SEOUL, March 23 (Korea Bizwire) — Last year was probably one of the busiest years for Ateez, a rising fourth-generation K-pop group.
The octet performed in front of 430,000 fans in the past one year and two months during its two “The Fellowship” world tours in North America, Europe and Asia.
“It was good to show various performances to fans, whom we had not seen for a long time, and we were able to better understand their needs regarding our future path or what kind of songs they want to hear more,” team leader Hongjoong said during a group media interview at a Seoul cafe Wednesday.
He added he could see in person fans’ preferences in the band’s songs are all different depending on their regions.
Member San chimed in, saying, “I realized this is what should be expected from the interaction between fans and artists.”
The two members singled out Paris as the most memorable stop of the tours.
Fans in Paris had a special way to welcome the group, which was to stamp their feet, during its first world tour in 2019.
“I slightly expected the same thing when we went there again this time, and it did happen.

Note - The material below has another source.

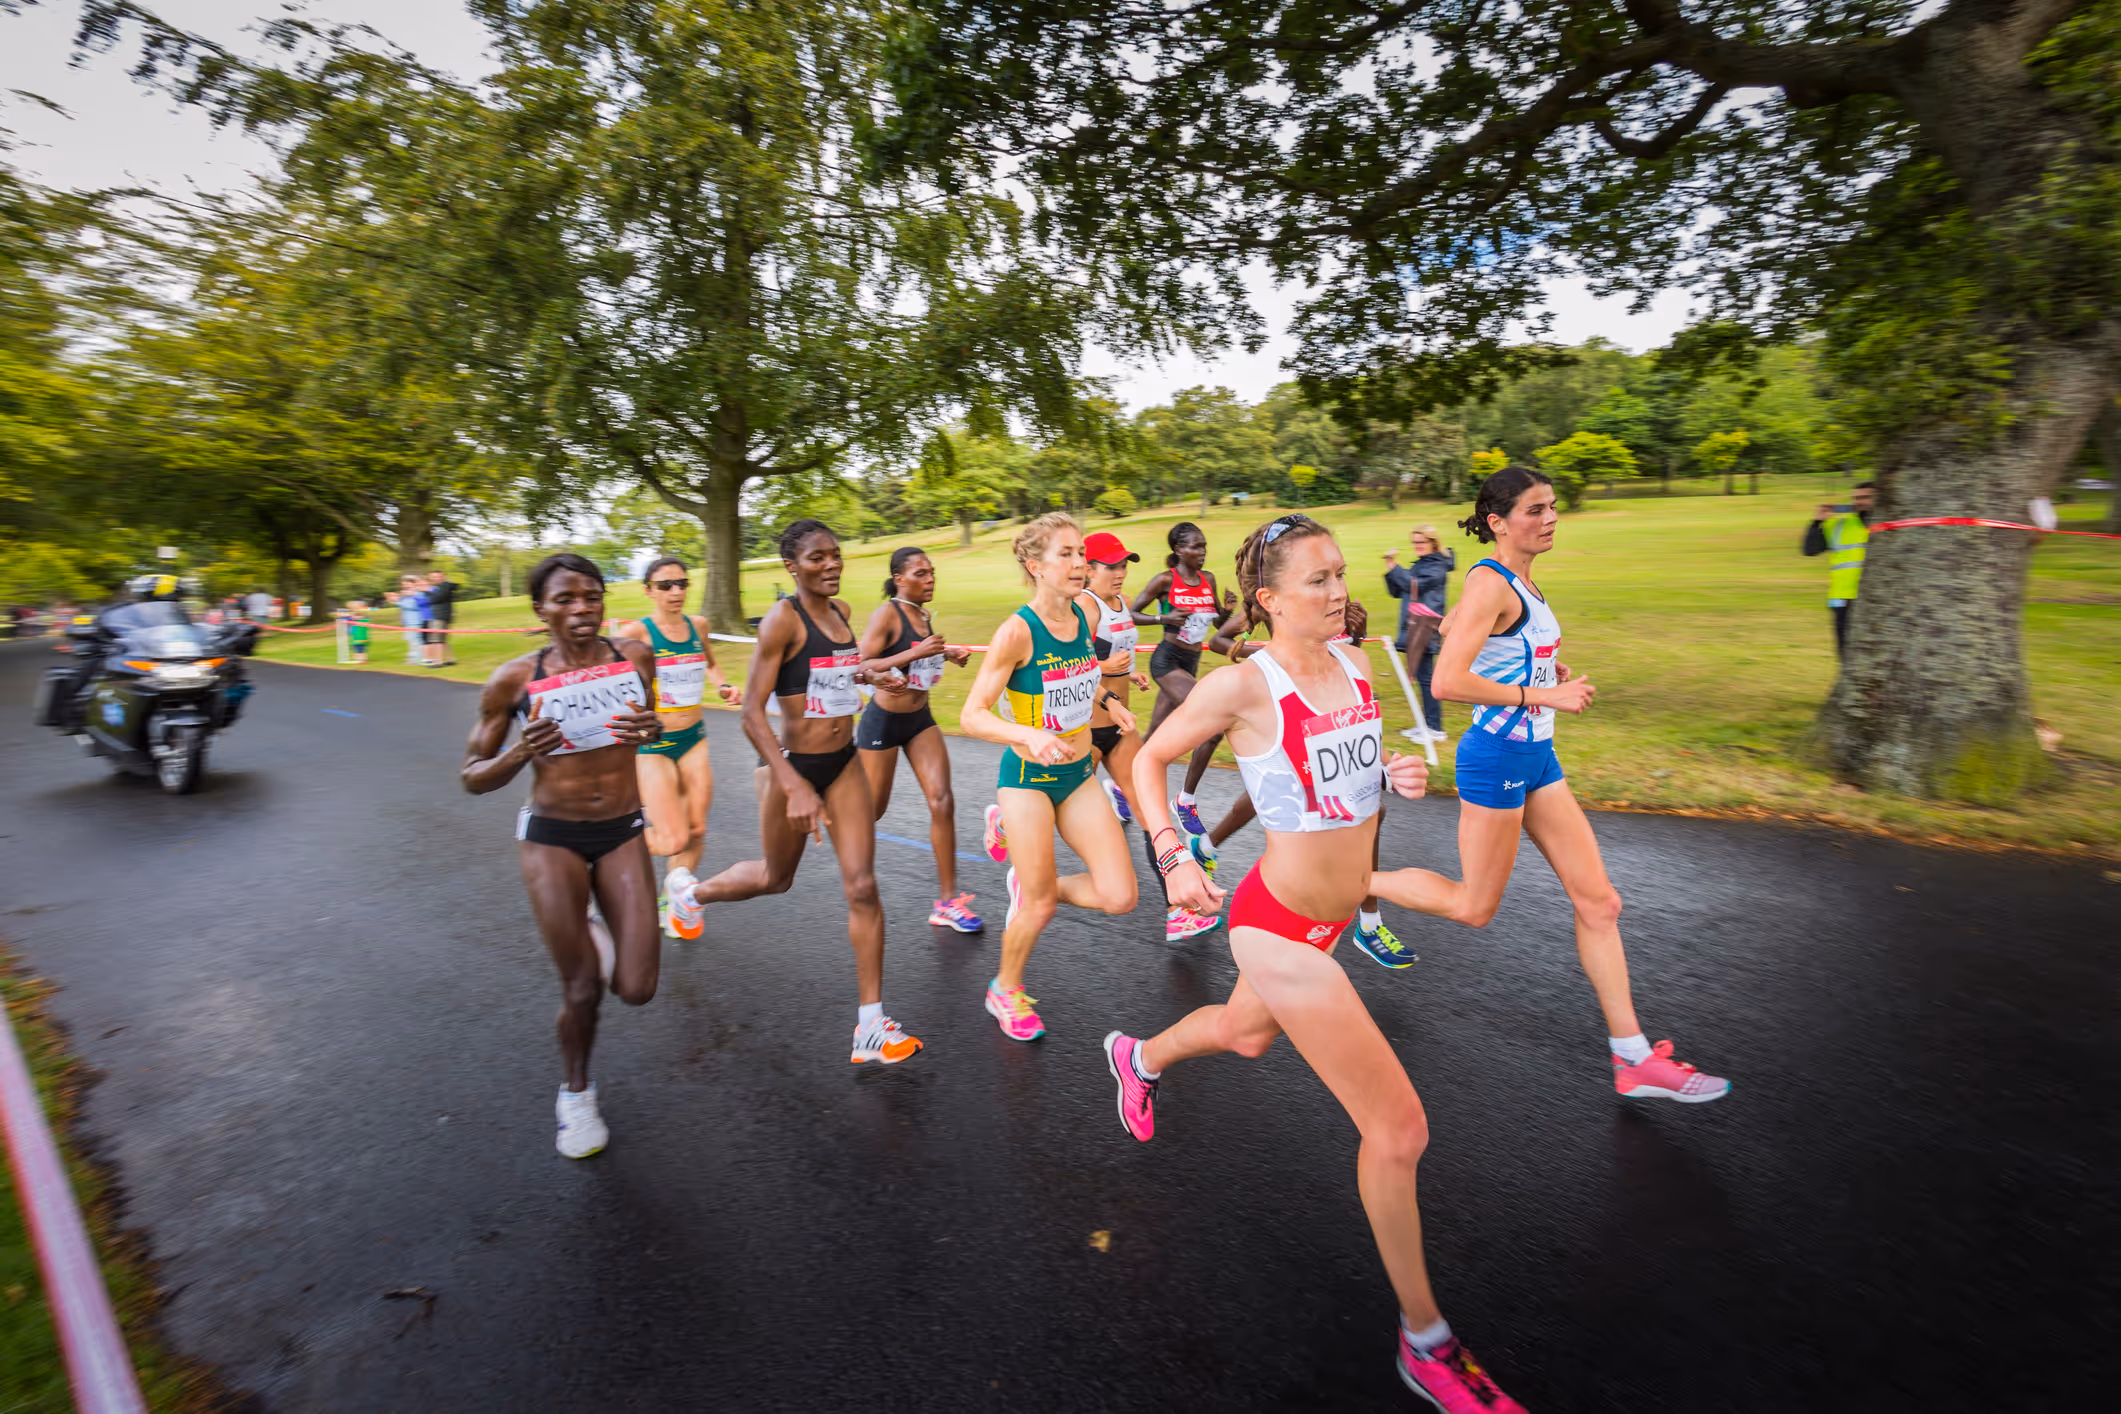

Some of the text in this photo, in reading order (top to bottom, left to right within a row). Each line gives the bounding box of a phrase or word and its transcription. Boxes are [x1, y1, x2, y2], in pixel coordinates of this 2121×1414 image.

[1036, 655, 1062, 666] DIADORA
[1049, 653, 1096, 672] AUSTRAL
[550, 681, 639, 723] OHANNES
[1317, 733, 1382, 783] DIXO

Since there were more spectators, I found the energy coming from the cheering very fresh and marvelous,” Hongjoong said.
Wooyoung, a main dancer of the team, chose Belgium and Denmark because it was personally his first time to be there, and people cheered and sang along more often and more loudly.
The band now feels they have grown thanks to the recent tours, in particular in terms of good teamwork as well as performance and self-management skills.

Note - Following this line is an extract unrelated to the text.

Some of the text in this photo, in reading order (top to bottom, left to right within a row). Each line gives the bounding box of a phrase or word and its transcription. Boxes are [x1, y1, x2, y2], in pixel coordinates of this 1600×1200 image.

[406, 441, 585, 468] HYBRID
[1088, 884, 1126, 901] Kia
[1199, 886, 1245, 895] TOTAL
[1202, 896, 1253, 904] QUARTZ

Ateez debuted in October 2018 with its first EP, “Treasure Ep. 1: All to Zero,” and has since released such hits as “Wave,” “Wonderland,” “Deja vu,” “The Real” and “Guerrilla.”

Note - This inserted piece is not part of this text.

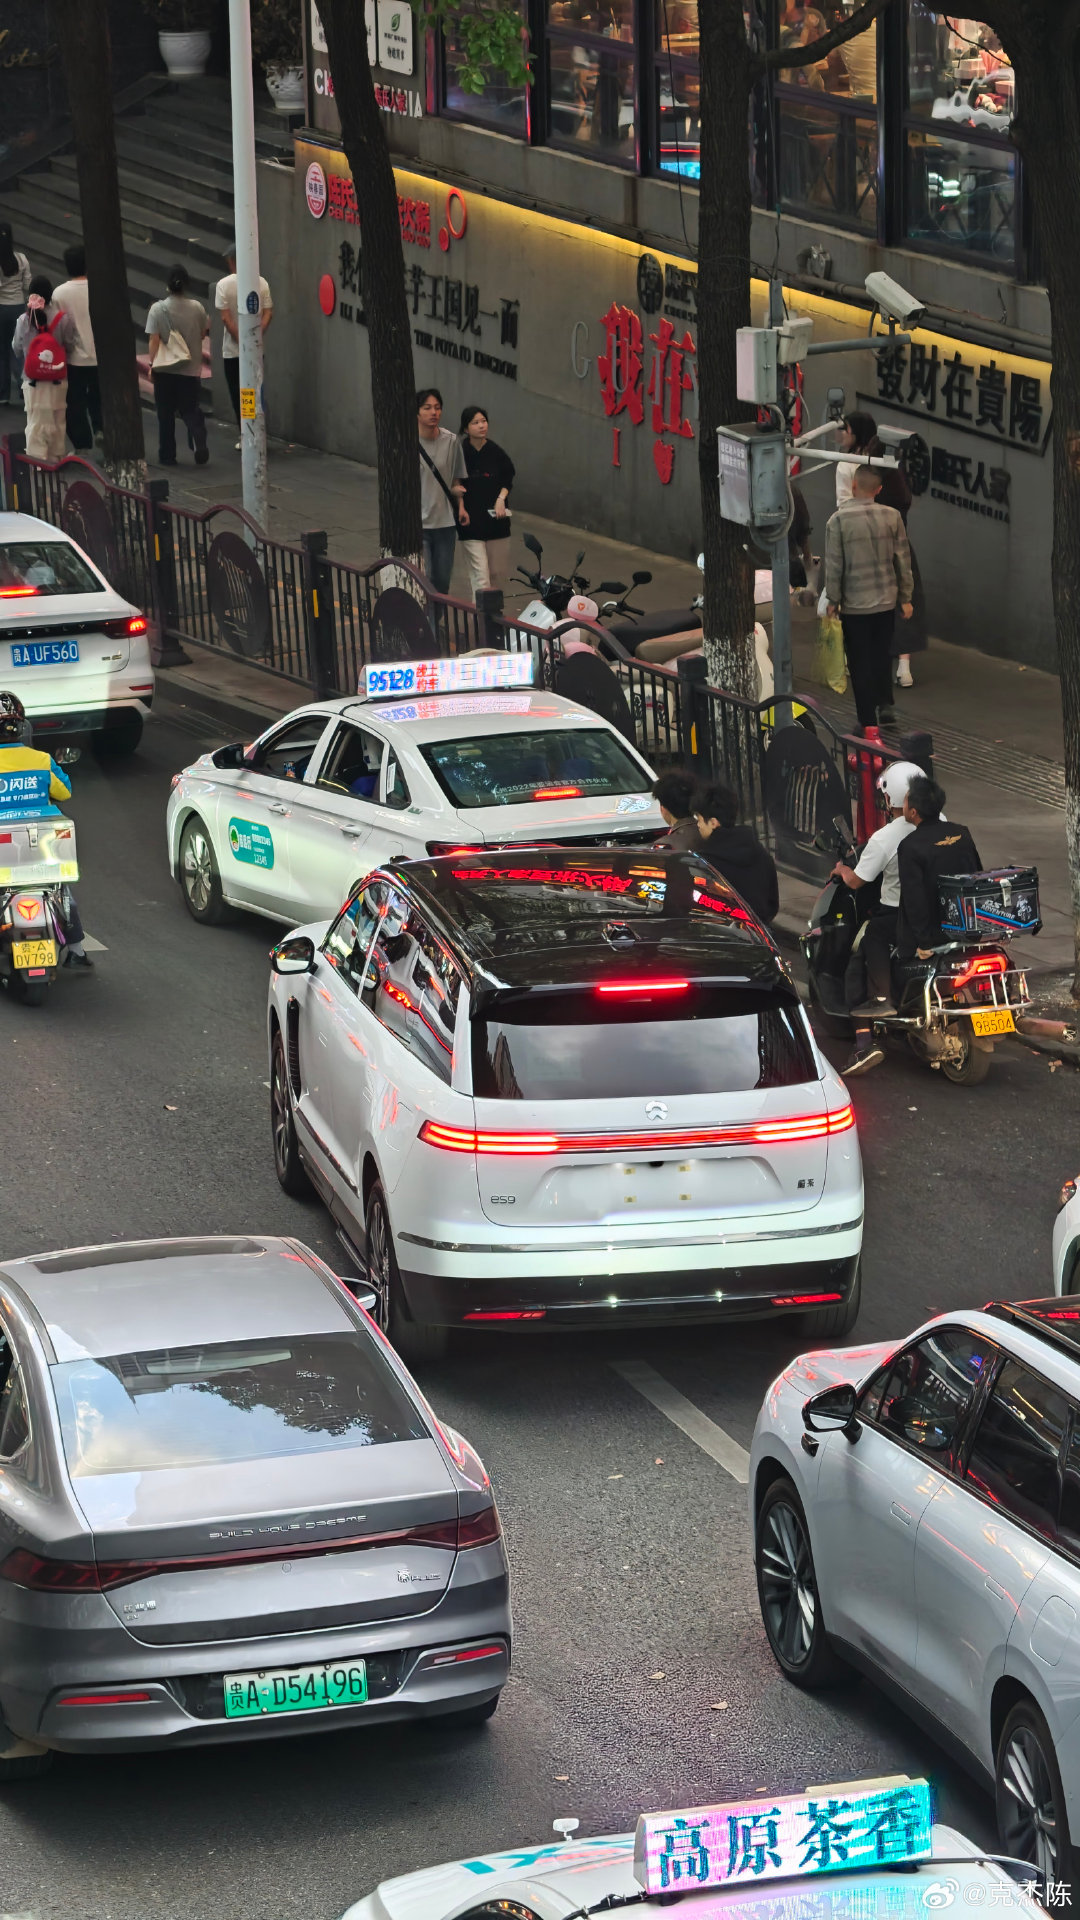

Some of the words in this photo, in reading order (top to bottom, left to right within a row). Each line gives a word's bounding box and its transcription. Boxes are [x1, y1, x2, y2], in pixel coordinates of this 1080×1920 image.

[9, 776, 38, 791] 闪送
[654, 1789, 921, 1889] 高原茶香

The group entered the Billboard 200 main albums chart for the first time at No. 42 in 2021 with its seventh EP, “Zero: Fever Part. 3.”
In 2022, the band reached No. 3 on the chart with its eighth EP, “The World Ep. 1: Movement.” It became the band’s first album to sell more than 1 million copies.
In order to present more music and performances with most pandemic restrictions lifted, 2023 will be a very important year for the group, Hongjoong said.
Another reason he cited was that the band is now in the fifth year of its career, sitting in the middle point between being a rookie and a veteran.
Known for its intense and fierce music and performances, the group is now getting increasingly popular in South Korea following the latest hit, “Guerrilla,” although the size of its domestic fandom still doesn’t match that out of the country.
Asked whether it has any intention to veer off course to win more public appeal, Hongjoong confided: “Actually, we also have thought about that for a long time.
Everyone would agree that having at least one hit song is good for artists, but that’s not something one can achieve when they want.”
He said the group will continue to keep from pursuing any change to appeal to broader music fans.
“However, we want to continue to produce music that more people can relate to within our framework,” he added.